What is expected: Every entry below should be written out exactly, and no image should appear.

Records from a dataset:
========================================

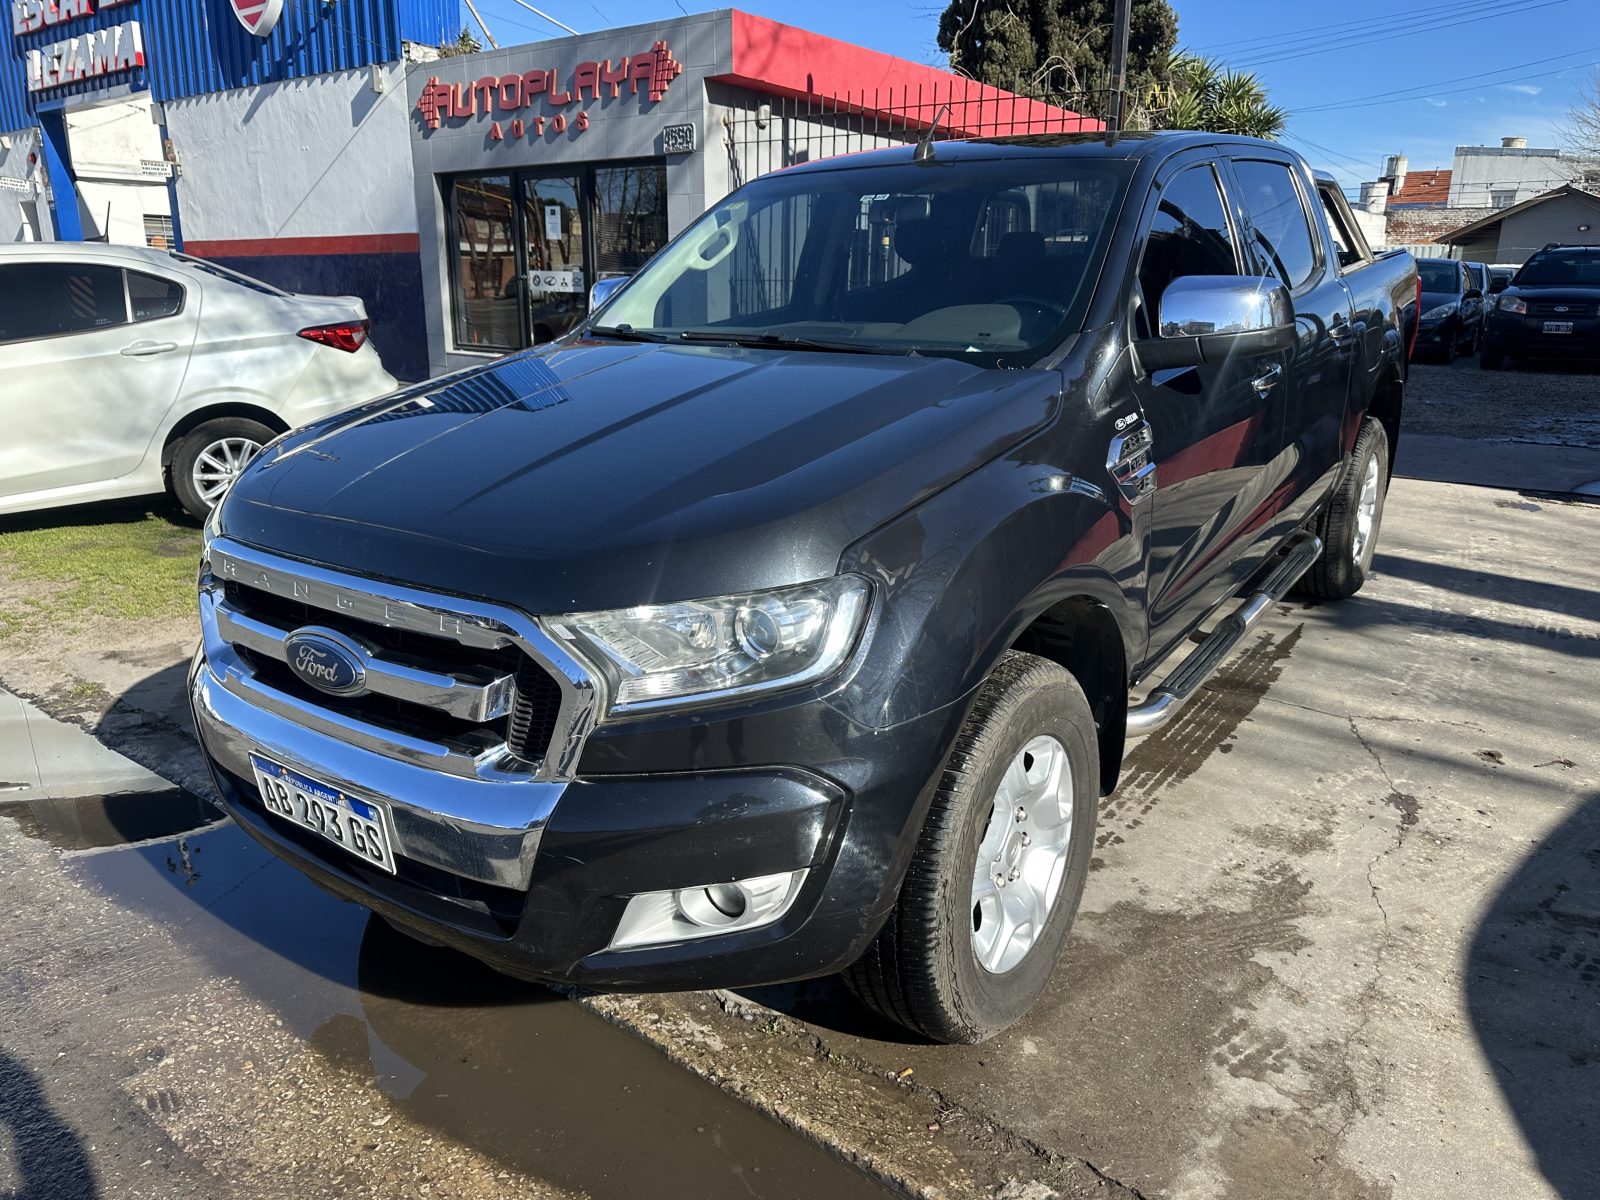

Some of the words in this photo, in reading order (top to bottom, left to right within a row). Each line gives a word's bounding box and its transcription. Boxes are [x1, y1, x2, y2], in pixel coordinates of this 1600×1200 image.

[26, 20, 145, 91] LEZAMA
[432, 52, 657, 118] AUTOPLAYA
[489, 111, 589, 140] AUTOS
[223, 558, 464, 636] RANGER
[295, 645, 338, 683] Ford
[263, 776, 295, 815] AB
[296, 791, 345, 842] 293
[349, 816, 385, 862] GS
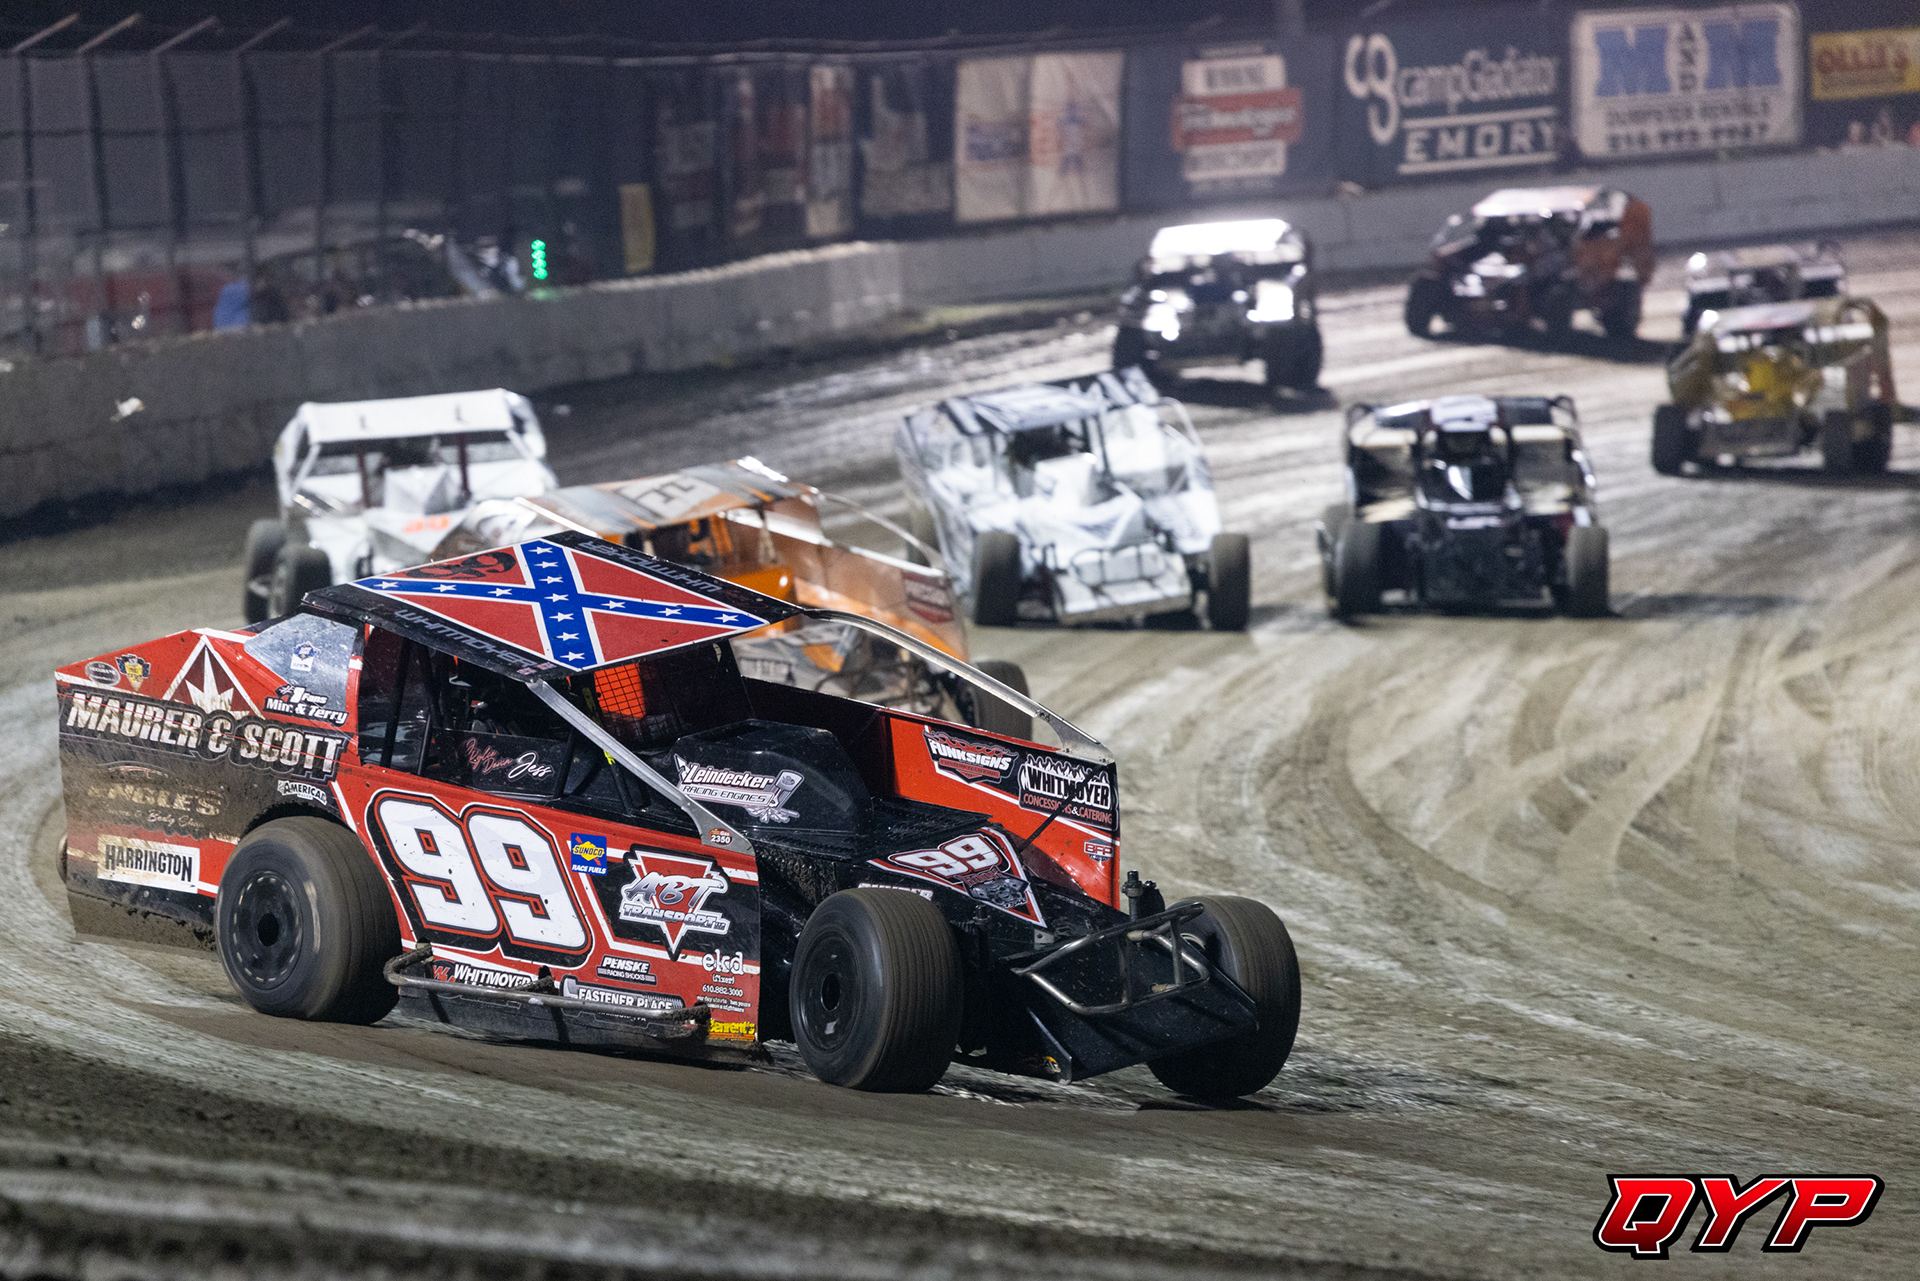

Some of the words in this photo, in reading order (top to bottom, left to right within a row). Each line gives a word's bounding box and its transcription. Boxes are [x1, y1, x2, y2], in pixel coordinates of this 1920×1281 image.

[1595, 24, 1670, 97] M
[1704, 18, 1781, 89] M
[1404, 121, 1555, 163] EMORY
[301, 692, 328, 704] Fans
[295, 703, 306, 715] &
[308, 705, 348, 724] Terry
[67, 692, 202, 749] MAURER
[240, 723, 341, 774] SCOTT
[508, 752, 552, 779] Jess
[929, 739, 1012, 770] FUNKSIGNS
[682, 764, 774, 789] Leindecker
[682, 785, 718, 797] RACING
[721, 791, 767, 803] ENGINES
[572, 845, 604, 857] SUNOCO
[710, 834, 731, 844] 2350
[105, 844, 193, 883] HARRINGTON
[571, 863, 588, 873] RACE
[588, 866, 607, 875] FUELS
[894, 835, 1000, 877] 99
[379, 797, 588, 946] 99
[624, 871, 725, 908] ABT
[623, 904, 717, 930] TRANSPORT
[602, 957, 649, 973] PENSKE
[578, 988, 634, 1006] FASTENER

========================================

Answer to the problem:
Some of the words in this photo, in reading order (top to bottom, left to right within a row). Each line gives a word's bounding box and its transcription. Boxes are [x1, y1, x2, y2], in pixel coordinates of this 1600×1200 image.

[26, 20, 145, 91] LEZAMA
[432, 52, 657, 118] AUTOPLAYA
[489, 111, 589, 140] AUTOS
[223, 558, 464, 636] RANGER
[295, 645, 338, 683] Ford
[263, 776, 295, 815] AB
[296, 791, 345, 842] 293
[349, 816, 385, 862] GS

Some of the words in this photo, in reading order (top to bottom, left to right within a row). Each line gives a word's bounding box and its transcription. Boxes are [x1, y1, x2, y2], in pixel coordinates of this 1920×1281 image.

[1595, 24, 1670, 97] M
[1704, 18, 1781, 89] M
[1404, 121, 1555, 163] EMORY
[301, 692, 328, 704] Fans
[295, 703, 306, 715] &
[308, 705, 348, 724] Terry
[67, 692, 202, 749] MAURER
[240, 723, 341, 774] SCOTT
[508, 752, 552, 779] Jess
[929, 739, 1012, 770] FUNKSIGNS
[682, 764, 774, 789] Leindecker
[682, 785, 718, 797] RACING
[721, 791, 767, 803] ENGINES
[572, 845, 604, 857] SUNOCO
[710, 834, 731, 844] 2350
[105, 844, 193, 883] HARRINGTON
[571, 863, 588, 873] RACE
[588, 866, 607, 875] FUELS
[894, 835, 1000, 877] 99
[379, 797, 588, 946] 99
[624, 871, 725, 908] ABT
[623, 904, 717, 930] TRANSPORT
[602, 957, 649, 973] PENSKE
[578, 988, 634, 1006] FASTENER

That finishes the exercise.